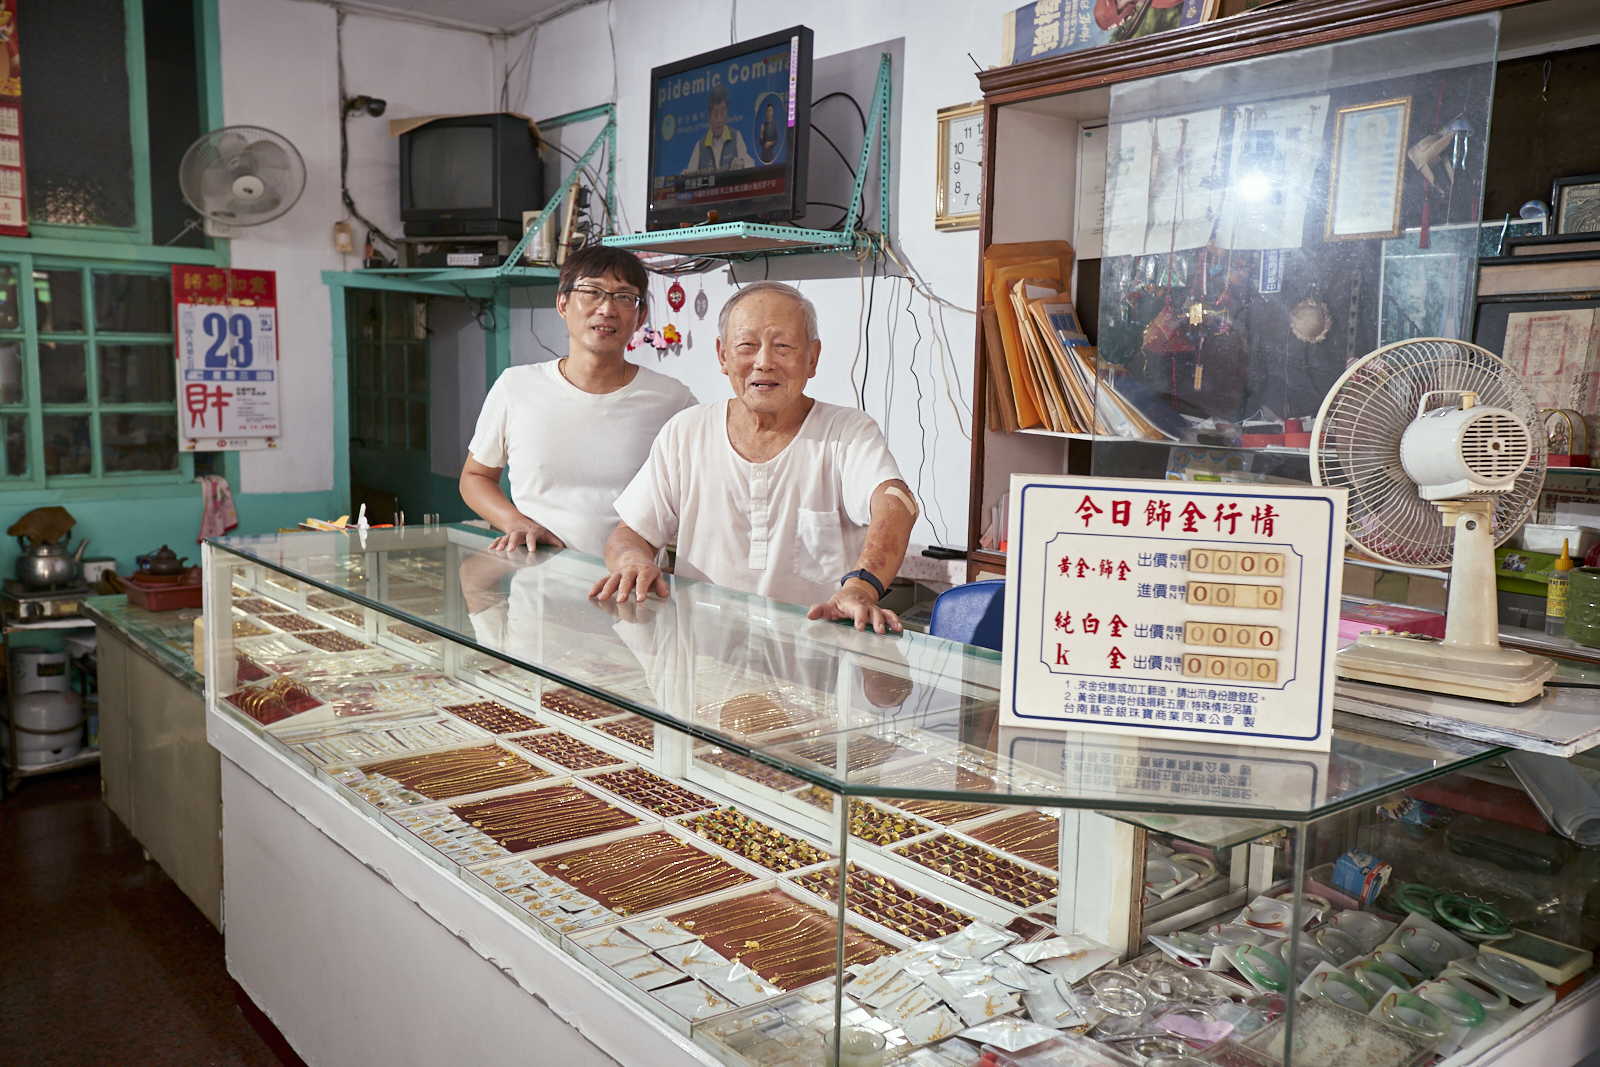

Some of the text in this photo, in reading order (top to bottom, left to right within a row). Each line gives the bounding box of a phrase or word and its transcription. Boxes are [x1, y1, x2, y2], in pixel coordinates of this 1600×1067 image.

[1078, 12, 1092, 42] HOME
[964, 126, 971, 138] 11
[954, 142, 964, 155] 10
[953, 162, 960, 174] 9
[954, 182, 961, 194] 8
[964, 193, 970, 205] 7
[202, 312, 254, 369] 23
[1074, 494, 1280, 538] 今日飾金行情
[1137, 551, 1168, 568] 出價
[1136, 582, 1167, 599] 進價
[1054, 610, 1128, 639] 純白金
[1134, 623, 1164, 640] 出價
[1106, 646, 1127, 670] 金
[1133, 654, 1163, 671] 出價
[1064, 703, 1255, 728] 台南縣金銀珠寶商業同業公會 製
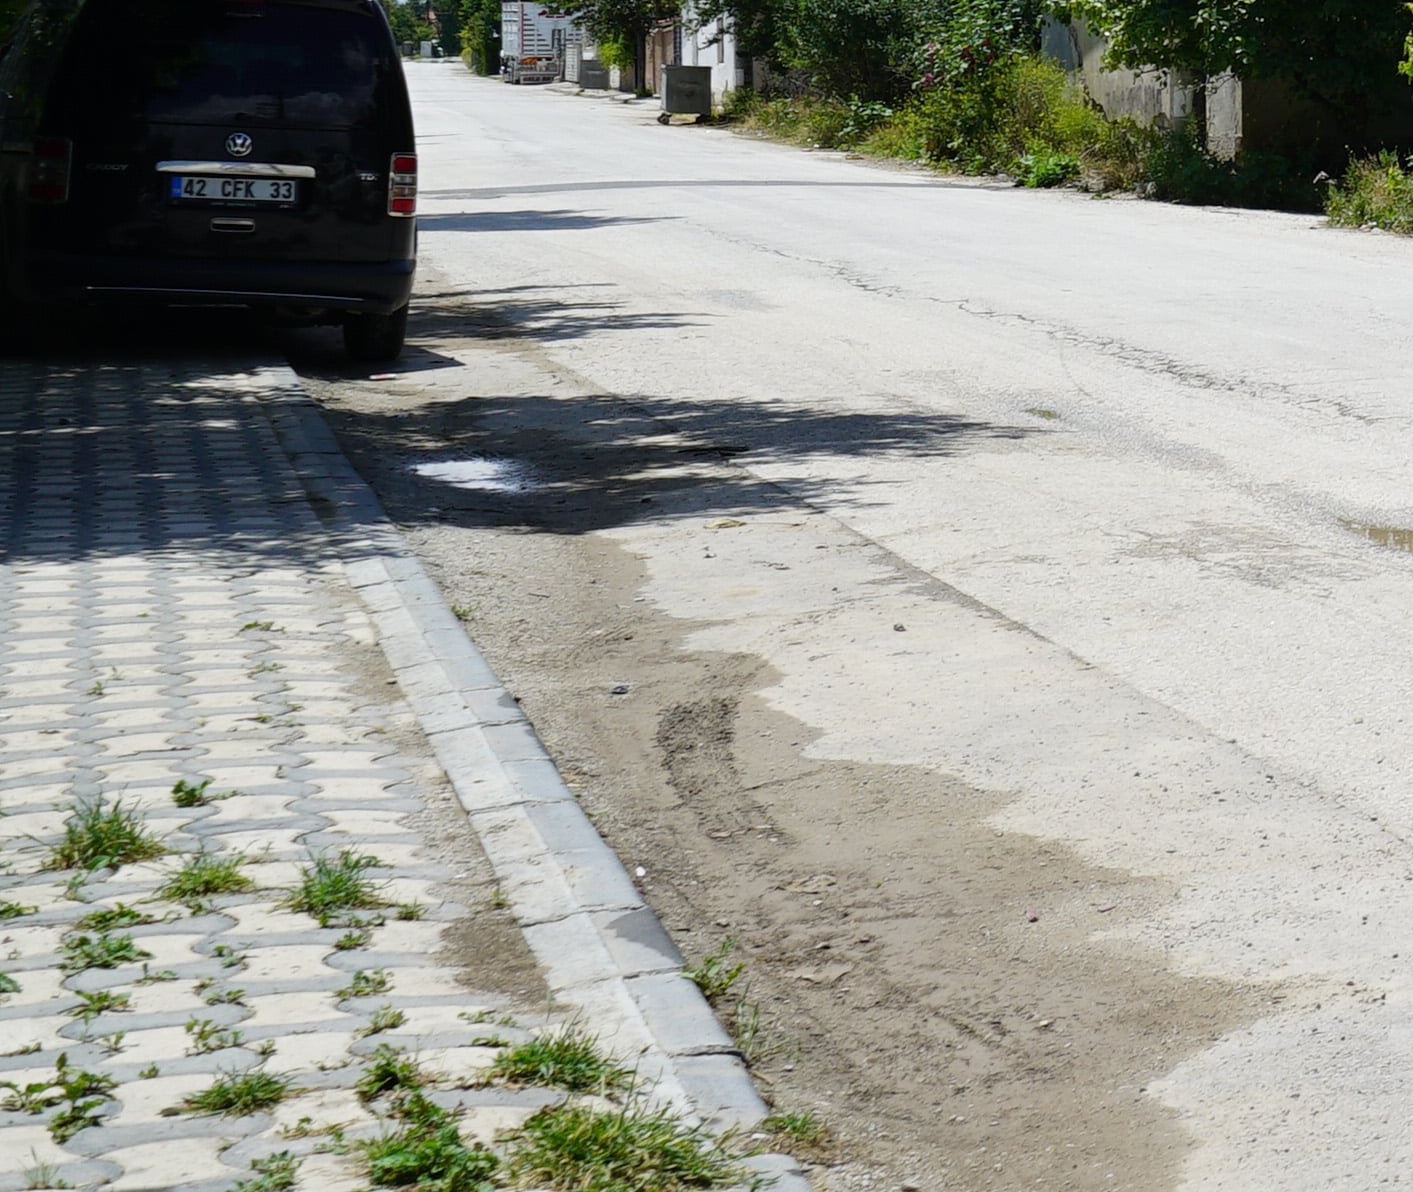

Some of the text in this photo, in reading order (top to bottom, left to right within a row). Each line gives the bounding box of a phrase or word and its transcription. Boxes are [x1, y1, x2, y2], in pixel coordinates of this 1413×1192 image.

[183, 178, 294, 200] 42 CFK 33
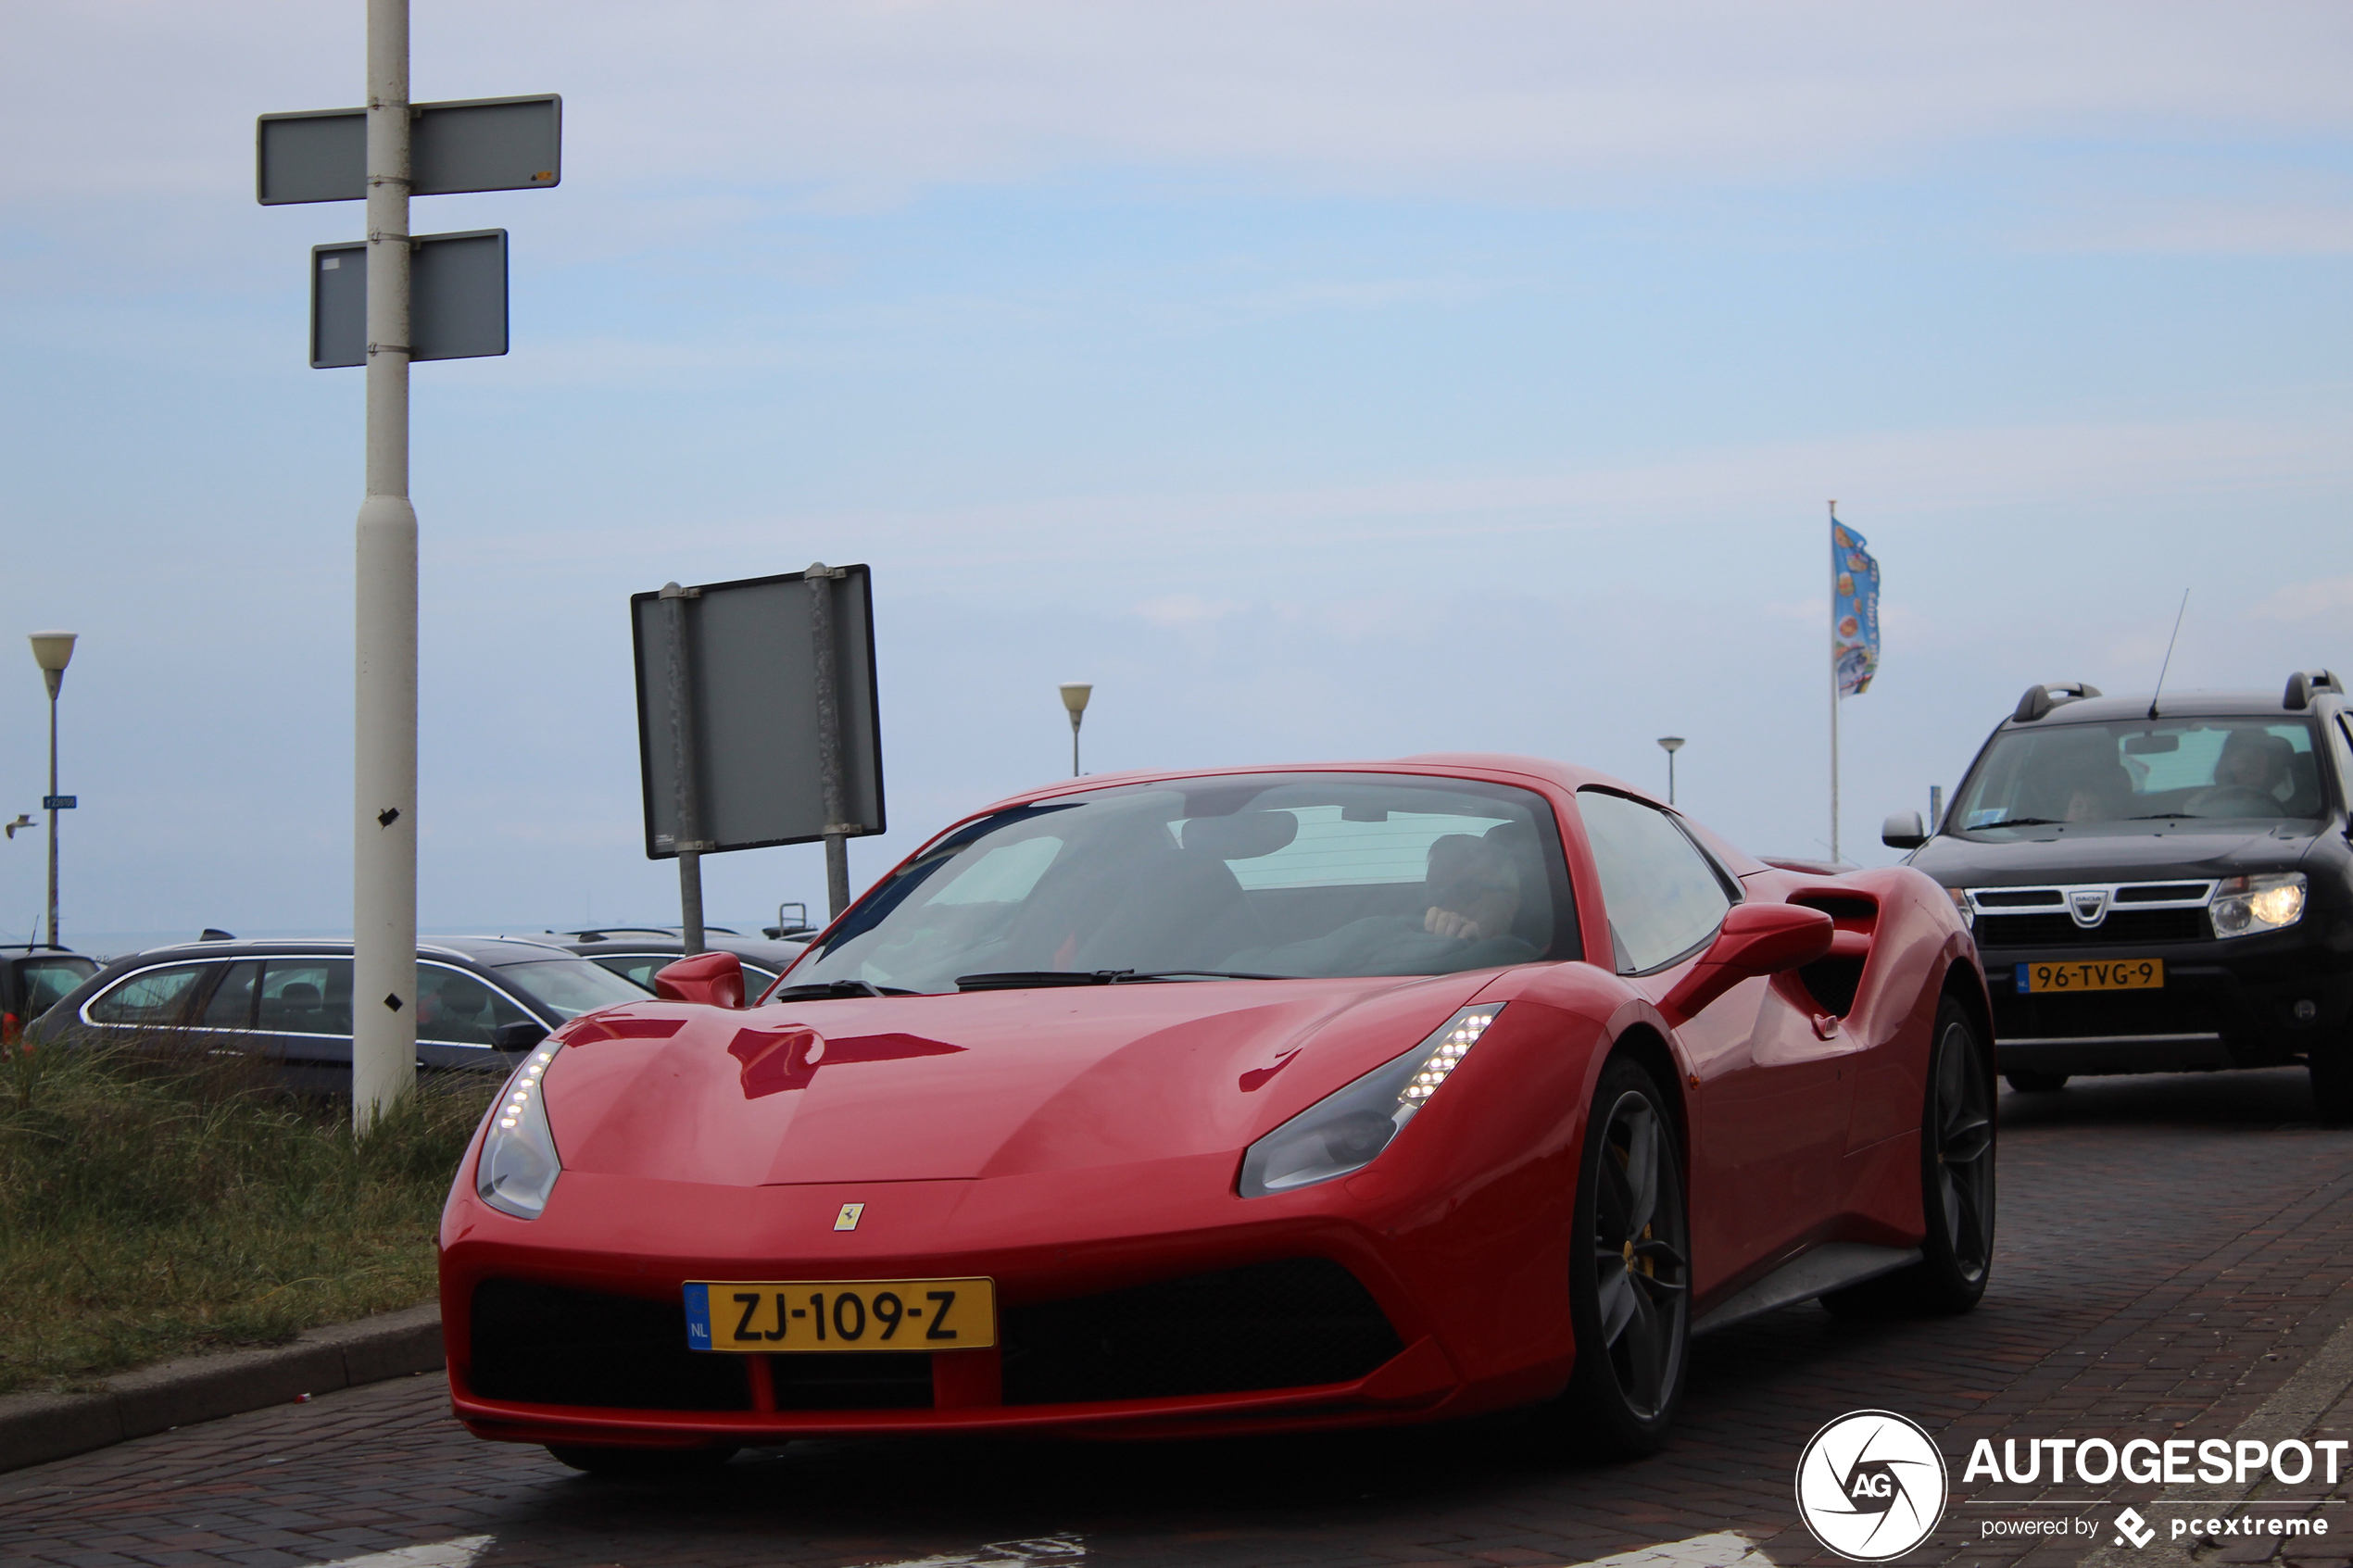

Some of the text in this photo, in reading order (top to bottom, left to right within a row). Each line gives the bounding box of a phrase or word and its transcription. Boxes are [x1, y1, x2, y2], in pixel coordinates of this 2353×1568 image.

- EXERCISE DESCRIPTION
What is needed is an exact copy of only the lines from the line containing "this 1413×1192 image." through the last line of the entries, inclusive, without the pictures.

- YOUR SOLUTION
Some of the text in this photo, in reading order (top to bottom, left to right within a row). Each line gives the bounding box of a phrase or word and its transcription. Boxes are [x1, y1, x2, y2], in pixel coordinates of this 1413×1192 image.

[183, 178, 294, 200] 42 CFK 33

Some of the text in this photo, in reading order (top to bottom, left to right within a row). Each line gives the bounding box of a phrase or word and its transcription. Boxes are [x1, y1, x2, y2], in pixel coordinates of this 2353×1568 image.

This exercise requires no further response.